Source information
....

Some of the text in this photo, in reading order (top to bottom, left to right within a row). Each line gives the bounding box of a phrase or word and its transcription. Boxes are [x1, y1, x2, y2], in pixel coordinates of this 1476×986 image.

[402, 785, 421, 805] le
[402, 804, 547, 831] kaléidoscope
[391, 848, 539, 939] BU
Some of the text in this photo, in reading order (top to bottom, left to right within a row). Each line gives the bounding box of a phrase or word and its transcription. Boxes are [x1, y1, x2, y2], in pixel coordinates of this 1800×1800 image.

....

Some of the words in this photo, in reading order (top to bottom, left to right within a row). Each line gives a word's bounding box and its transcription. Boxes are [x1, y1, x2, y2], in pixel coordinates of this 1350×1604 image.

....

Task to complete
In the listing above, find the line holding "this 1476×986 image." and the line holding "this 1800×1800 image.", then output those two lines and every line between them exactly.

Your response
Some of the text in this photo, in reading order (top to bottom, left to right within a row). Each line gives the bounding box of a phrase or word and its transcription. Boxes are [x1, y1, x2, y2], in pixel coordinates of this 1476×986 image.

[402, 785, 421, 805] le
[402, 804, 547, 831] kaléidoscope
[391, 848, 539, 939] BU
Some of the text in this photo, in reading order (top to bottom, left to right within a row). Each line gives the bounding box of a phrase or word and its transcription. Boxes are [x1, y1, x2, y2], in pixel coordinates of this 1800×1800 image.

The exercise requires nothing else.